The research of Pamela Murphy, a professor at the Queen's School of Business in Kingston, Ontario, Canada, demonstrates that just about anyone can convince themselves that what they are doing is right. 
Rationalization takes place in the mind and is usually overlooked, but the observant accountant will be able to detect mannerisms and word-choice that typifies a fraud suspect's behavior.
On the Lookout
Though the dollar amounts (and the audacity) of some white-collar crimes boggle the average observer's mind, the crime remains an act of behavior and so should be approached using the same method used to analyze a $3,200 credit card fraud. The perpetrators may be described as "obsessive" and "megalomaniacal," but they are still behaving in a network of actions, where behavior is subject to operant conditioning.
The specific measures will be particular to the crime. The actions dictate the response. But whether we're dealing with a clerical worker's credit card fraud or the "business expense" of Tyco CEO Dennis Kozlowski's $2.1 million toga party, our methods can be behavioral. Fraud examiners may never eradicate crime completely, but approaching criminal acts scientifically, we can become more successful in anticipating and preventing the acts.
There are many ways accountants may become suspicious that fraud is occurring in their company or their client's company (see Table 2). Despite these warning signs, the Association of Certified Fraud Examiners (ACFE) has found that much of financial fraud is still detected by chance – even in the face of improved corporate governance.
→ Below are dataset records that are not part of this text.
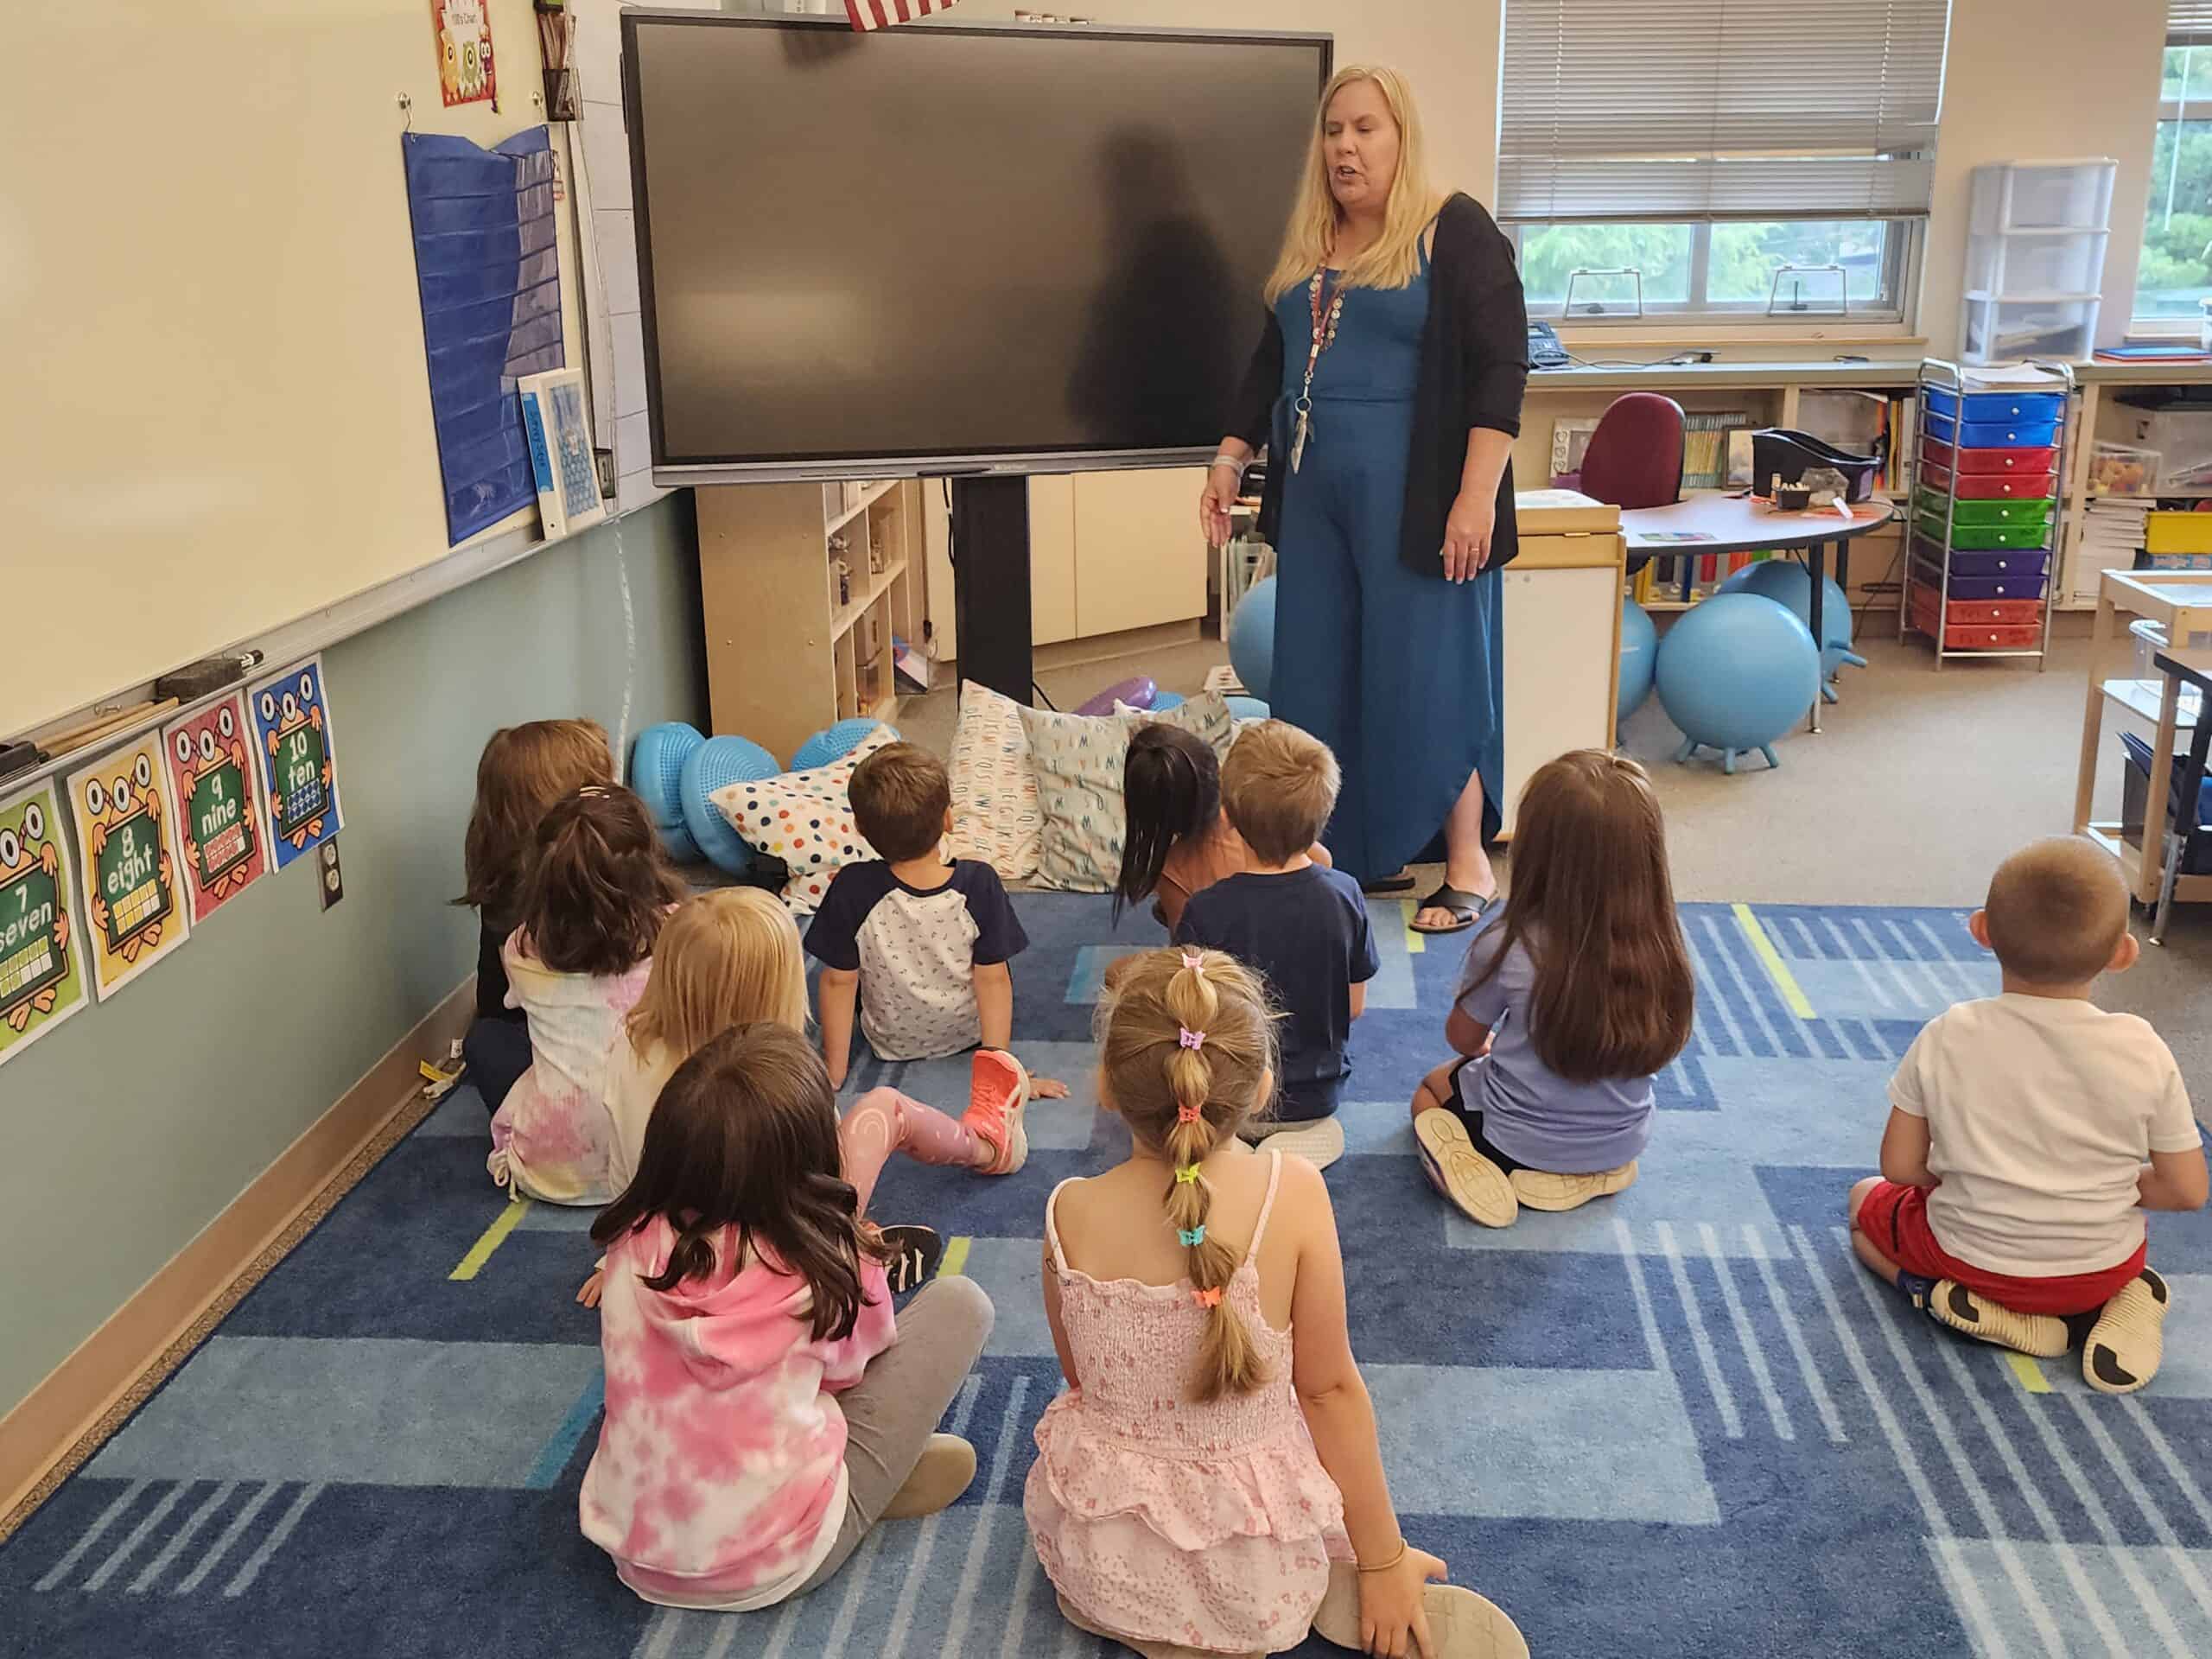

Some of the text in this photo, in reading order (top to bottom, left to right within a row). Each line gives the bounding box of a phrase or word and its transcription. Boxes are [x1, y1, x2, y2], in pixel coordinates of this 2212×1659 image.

[289, 731, 308, 761] 10
[289, 760, 315, 792] ten
[201, 798, 236, 836] nine
[122, 825, 134, 858] 8
[107, 843, 152, 894] eight
[15, 883, 28, 913] 7
Table 2: Watcher Beware of Initial Red Flags

The savvy accountant may catch wind of corporate shadiness if these warning signs begin to appear:

1.  Problems detected by internal controls.
2.  Employee complaints.
3.  Problems detected by an internal auditor’s review of controls.
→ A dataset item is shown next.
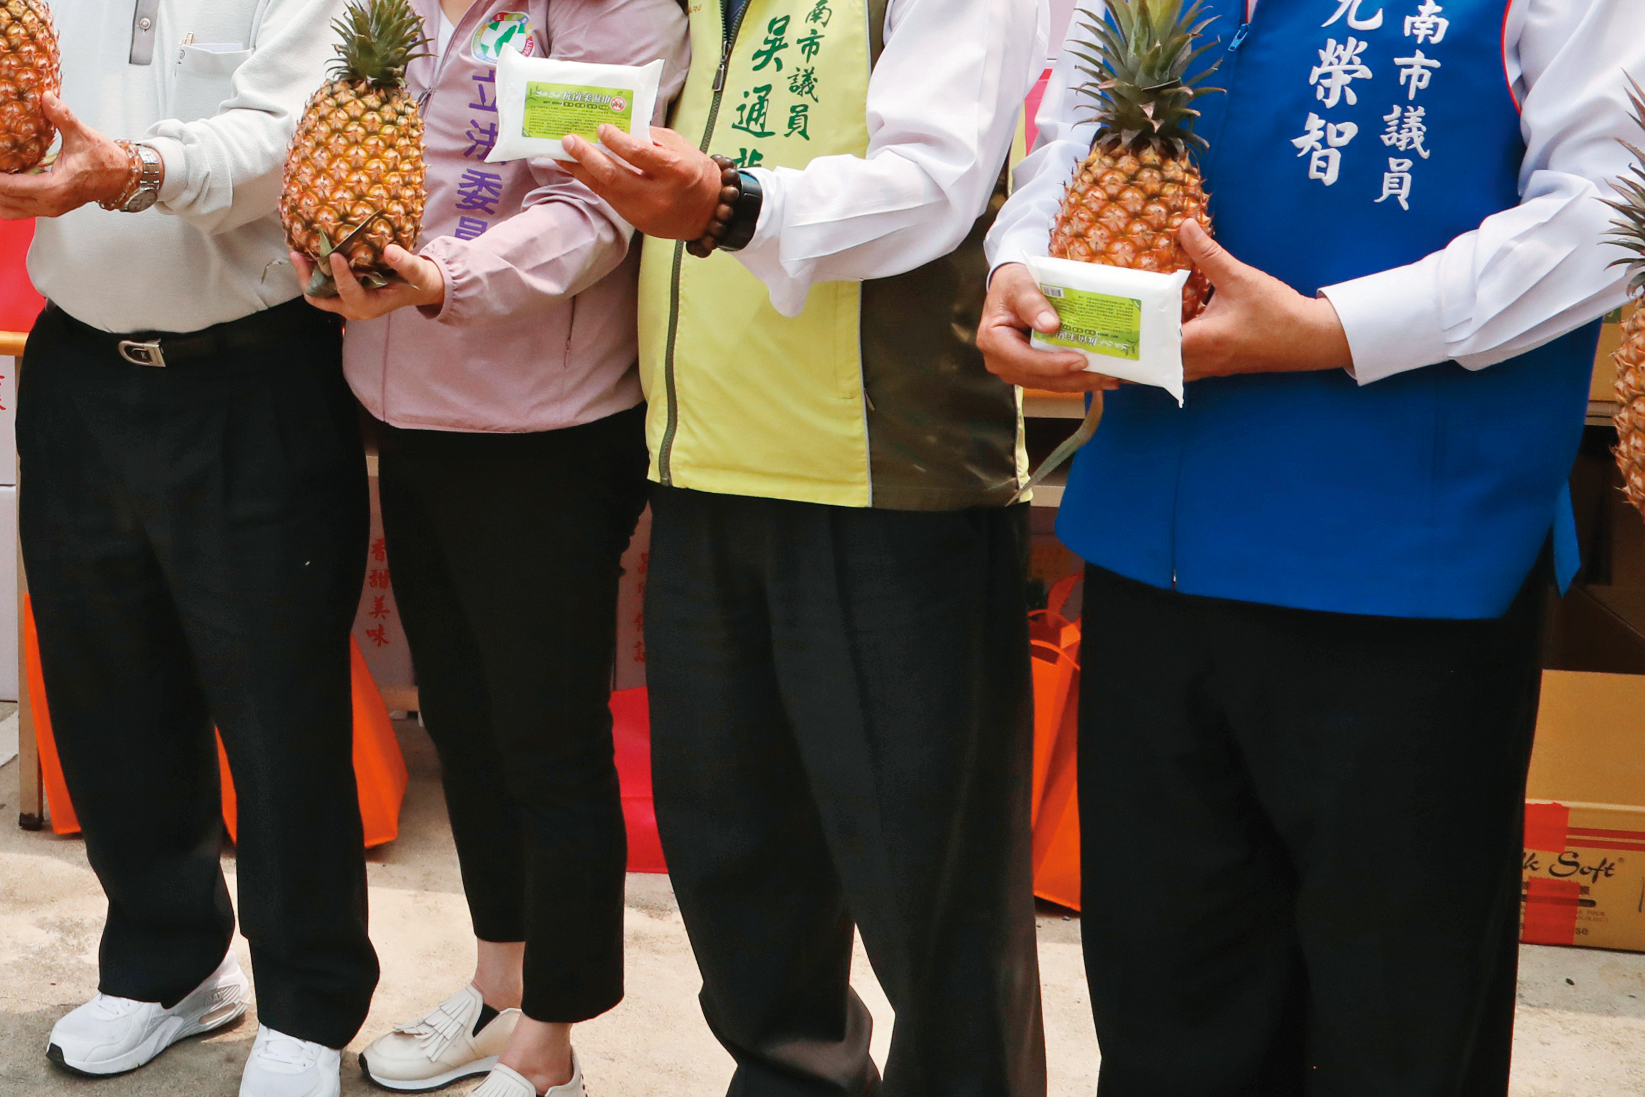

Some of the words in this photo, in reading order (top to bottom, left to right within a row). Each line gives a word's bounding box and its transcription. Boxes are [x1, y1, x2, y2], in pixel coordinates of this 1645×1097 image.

[366, 538, 391, 648] 香甜美味
[1548, 851, 1615, 884] Soft
4.  Customer or vendor complaints, such as payments not being credited to the customer’s account or contracts not received.
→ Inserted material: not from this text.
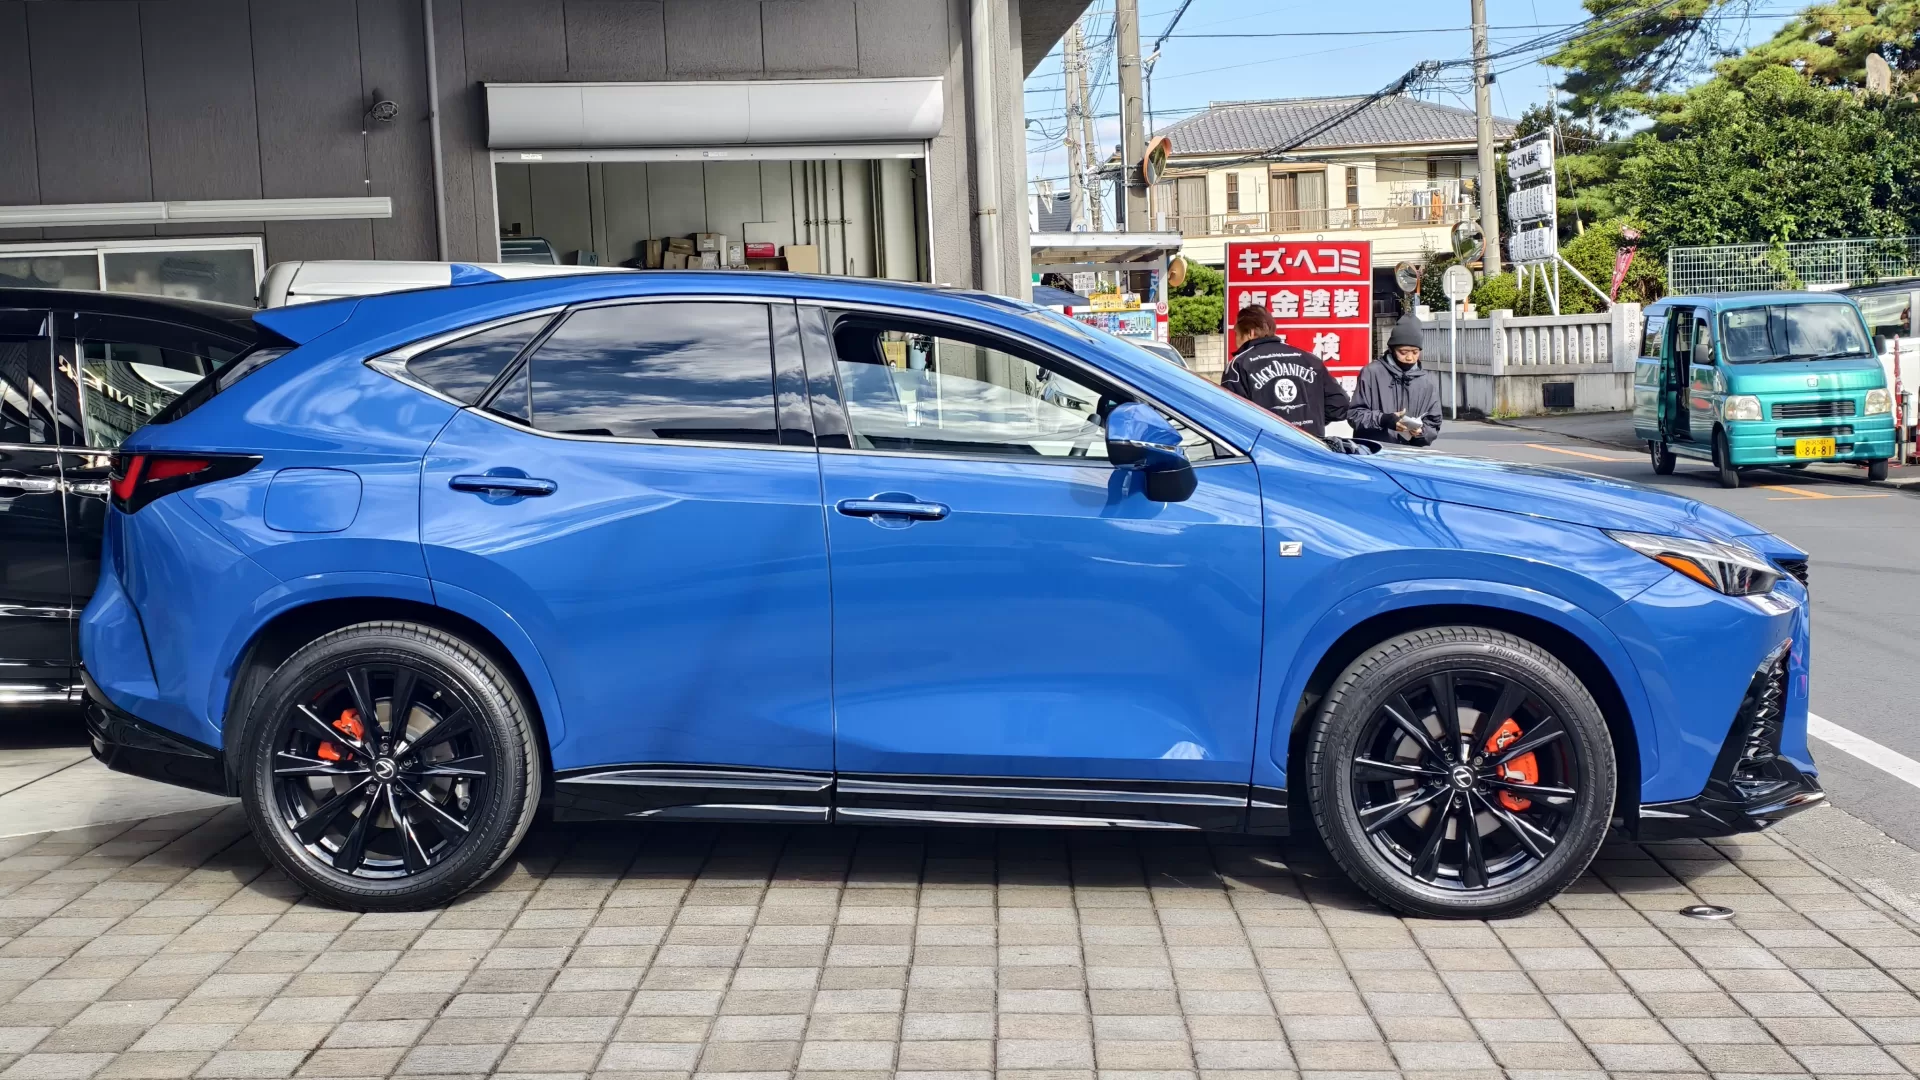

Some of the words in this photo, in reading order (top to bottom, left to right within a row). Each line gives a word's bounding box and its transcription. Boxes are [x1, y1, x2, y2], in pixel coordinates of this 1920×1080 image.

[1238, 248, 1361, 275] キズ・ヘコミ
[1250, 364, 1278, 390] JACK
[1805, 445, 1832, 456] 84-81
[1488, 645, 1552, 677] BRIDGESTONE
5.  Accidental discovery of something that warrants follow-up, such as two expense reports that contain receipts for the same airline ticket.
6.  Accusations from anonymous sources.
7.  Unusual or unexplained financial statement trends.
8.  Changes in an employee’s lifestyle that are not consistent with the employee’s salary or wages or other known sources of income.
9.  Abrupt changes in an employee’s behavior that can’t be explained by other factors.
10.  Problems detected in the course of an external audit, review or compilation.
In fact, the annual Global Fraud Surveys conducted by PricewaterhouseCoopers have revealed a 22 percent increase in the last two years in the number of companies reporting financial fraud. Corroborating the ACFE assertions, fraud was detected by chance in more than a third of cases, and internal audit found the issues only 26 percent of the time. Almost one quarter of the perpetrators were senior managers – the very people signing off on financial statements. Furthermore, the types of fraud are changing, with cybercrime as the next wave. 
Breaking the Cycle
There are many ways to make an organization more impervious to fraud, but it is important that management tries to "break" the fraud triangle by implementing specific policies and procedures in addition to developing fraud deterrence controls (see Table 3).
Table 3: Five Steps to Designing Fraud Deterrence Controls

While developing a suitable fraud deterrence program is an in-depth process, there are five basic steps to those controls:

Step 1:  Review the organization-level components of internal control and identify weak or nonexistent controls.
Step 2:  Identify assets (and related transactions) susceptible to misappropriation.
Step 3:  Review the organization’s systems and procedures relating to the vulnerable areas, and identify weak or missing systems and procedures.
Step 4:  Develop controls to reduce the risk of misappropriation in the vulnerable areas.
Step 5:  Consider the cost/benefit relationship of the controls developed.
Most important is creating an ethical environment starting with a positive tone at the top and corporate-wide core values and policies to which all employees have buy-in. Secondly, organizations must reduce employees' opportunities to commit fraud. Surveillance procedure and timely preparation and review of monthly financial statements help ensure that finances are well-controlled. Policies like periodic job rotation and mandatory vacations can help boost morale. And finally, management can monitor the pressures on employees that could push them to commit fraud and develop appropriate responses. Adopting appropriate personnel policies and swiftly enforcing violations, performing drug tests and providing counseling and dispute resolution services can all help reduce and mitigate employee pressures.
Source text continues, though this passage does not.